Not venturing to Zone 3? Fair enough – The Portrait Restaurant is excellent and centrally located.

Or, if you only want the faves, hit up our list of the best restaurants in London

What's the deal?

What's the deal?
Chef Abby poses in front of Mambow

London is an exciting era of “cool women flying the flag for their ancestral cuisine”. We have Rahel Stephanie of Indonesian supper club Spoons; Marie Mitchell of Caribbean cookbook Kin and various pop-up dinners; and Abby Lee of Mambow, once a pop-up in Spitalfields and now a permanent restaurant in Clapton, and one of East London’s most difficult reservations to boot. Abby serves Malaysian food with a modern, personal touch, inspired by her childhood spent in the Southeast Asian country. Diners will recognise the Chinese flavour profiles mined from Lee’s Peranakan heritage – particularly the stinging, Szechuan-style heat, which many have made a big stink over (in reality, it’s manageable). 

The space is small – just 40-cover inside, and 20 in their bijou back garden. As such, it’s always busy, diners seated cheek-by-jowl along a row of two-seaternsteel top tables. The space feels like a cool person’s Apartment Therapy house tour – sparse but with bright, leftfield colour accents, like the square-tiled bar or the Crayon-hued plates, seemingly precision-engineered for Instagram. This being Clapton, the wine list is made up exclusively of natural bottles – or as Mambow puts it, “juicy wines”. There are only three cocktails on offer, each one having a bit of fun with Malaysian touchstones – like the “100+ sour”, spiked with an isotonic drink that’s the crowd-favourite in the region.

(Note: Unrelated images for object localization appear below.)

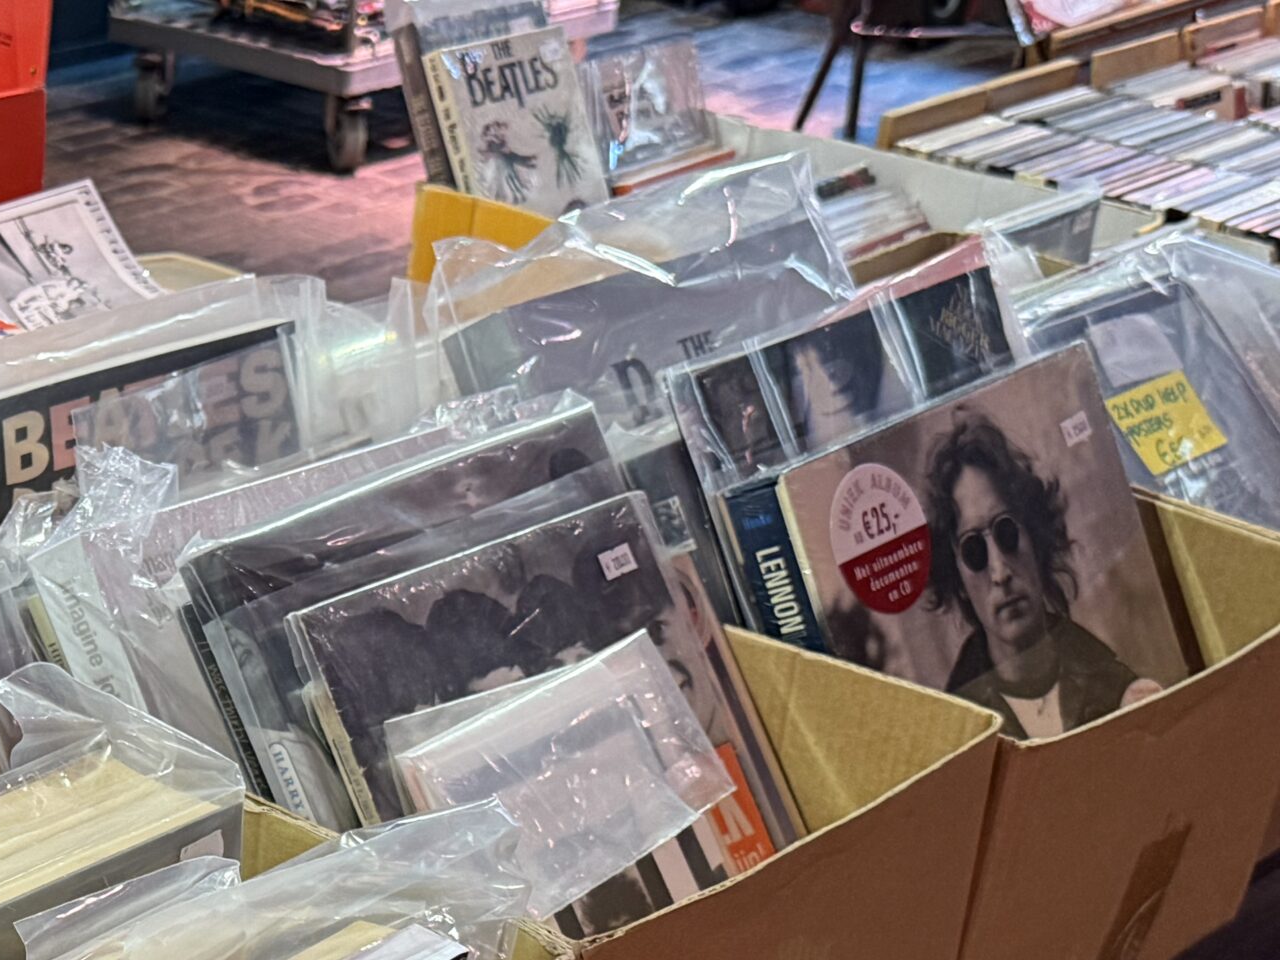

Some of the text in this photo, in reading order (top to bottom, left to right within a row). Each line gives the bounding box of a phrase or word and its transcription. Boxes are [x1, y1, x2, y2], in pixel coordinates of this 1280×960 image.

[490, 38, 512, 60] THE
[459, 53, 558, 108] BEATLES
[839, 473, 912, 532] UNIEK ALBUM
[755, 545, 806, 635] LENNON
[869, 560, 919, 593] documenten
[272, 751, 306, 812] HARRY

The menu is a culmination of Abby’s years inventing and reinventing Mambow. As a result, it’s glorious: an ecstatic, freewheeling shrine to the food of her home country, flavours carefully hewn and kick-you-in-the-teeth vibrant. The menu changes based on what’s in season and, just as crucially, Abby’s whims. But sambal – Malaysia’s favourite tongue-sizzler – figures heavily, neutered by a cooling side of coconut cream, should you need it. The small-format snacks are pleasingly messy and interactive – stir-fried clams, spiked with white pepper, are scooped up with curry leaves; chicken thigh and heart skewers gloop with treacle-coloured tamarind. Larger plates include brightly-coloured curries, wok-licked meats and gently-simmering specialties, including the much drooled-over slow-cooked lamb ribs smothered in tamarind and coriander seed sauce. There’s no doubt Abby will join the pantheon of London’s most-revered chefs, and that Mambow’s tables will be coveted for years to come. 

What should I eat?

What should I eat?
Don't miss the Kam Heong Mussels

Stacked high in a warm, turmeric-coloured bath, the Kam Heong Mussels epitomise Abby’s cooking style in their beautiful chaos. They are wok-fried in a coconut-y curry leaf and soybean-paste sauce, then plated and covered in a thick snow of bird’s-eye chilli and prawn floss. 

The bowl is the ideal format for Abby’s warming, down-to-earth dishes. And the Gulai Lemak Pucuk Ubi Kayu comes in a lovely piece of round, speckled stoneware whose warm earthy colour is striking against the creamsicle hue of the curry. Traditionally, the star ingredient here is tapioca leaf (or cassava), but Abby’s version swaps out the bitter green for pea eggplant and rainbow chard from local grower Shrub. Bobbing peas, crunchy strips of tempeh, and a blanket of peanuts complete the dish.

A good fried chicken dish is always an easy win. And Abby’s Malaysian-spiced number – called Ayam Goreng Berempah, served with turmeric-cucumber pickle and homemade kewpie mayo dolloped with blood-red sambal tumis – makes light work of the format. Warming and a little sweet, reminiscent of Japanese karaage chicken, order it if you can – it comes on and off the menu.

 

Why should I go?

Why should I go?

To snag one of the hottest tables in town.